View all posts by Matt Fradd →

Coming Clean

Parenting the Internet Generation Ebook Cover

It’s easy for accountability relationships to fail. Learn how to get it right. Take your Accountability partnership to the next level. Read Coming Clean and introduce it to your Accountability Partner.

11 thoughts on “How to Take a U-Turn on the Porn Superhighway

  1. Great video … I like it when I have these small breakthroughs in understanding my addiction. The idea that a chemical reaction is taking place long before I “act out” helps me better understand why the battle becomes difficult at early stages in the cycle.

  2. I’ve been going to Pure Desires for now 2 years, and this video was so helpful in filling in some of the gaps in my “Triggers”. I went through the steps and listed my responses of what has happened in the past at each step. I am so grateful to be able to see my “Triggers” now, and be able to make the RIGHT decision. Praise God!

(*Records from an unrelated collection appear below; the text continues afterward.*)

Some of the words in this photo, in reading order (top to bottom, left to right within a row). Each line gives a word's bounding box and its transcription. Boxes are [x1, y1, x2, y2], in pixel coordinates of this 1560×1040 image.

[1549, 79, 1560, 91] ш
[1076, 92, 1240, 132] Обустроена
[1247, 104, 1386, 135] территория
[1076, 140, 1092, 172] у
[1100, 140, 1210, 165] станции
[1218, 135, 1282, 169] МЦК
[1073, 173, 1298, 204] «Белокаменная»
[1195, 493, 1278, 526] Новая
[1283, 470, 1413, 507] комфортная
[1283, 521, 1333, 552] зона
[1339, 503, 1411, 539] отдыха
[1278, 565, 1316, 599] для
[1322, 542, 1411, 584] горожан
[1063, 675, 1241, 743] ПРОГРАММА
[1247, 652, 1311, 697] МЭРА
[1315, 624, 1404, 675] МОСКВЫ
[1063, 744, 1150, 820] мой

  3. I’m on day 11 of the 40-day challenge, and I so appreciate the support and encouragement the daily e-mails provide.

    I’ve listed my triggers, and there are many that I can simply avoid which has been a great help. But I’m unsure how to deal with my greatest trigger. I’ve been married 22 years to a wonderful wife, but we have vastly different libidos. Sex is really the only area we fight about. I’m not blaming her since God calls us all to purity regardless of circumstances.

    But rejection is a huge trigger for me. I can usually weather two or three nights of rejection, but beyond that depression and temptation dramatically rises with each passing day. Mix that with anger at God for providing a wife with virtually no interest, and it is a recipe for disaster. I am working on the anger issue with my pastor.

    Do you have any advice for dealing with the rejection trigger? In the past I’ve just tried not asking (can’t be rejected if you don’t ask). When no invitations were given for weeks, I became very depressed and failed again. This is a trigger I cannot avoid.

    • So glad you’re enjoying the 40 Day Challenge!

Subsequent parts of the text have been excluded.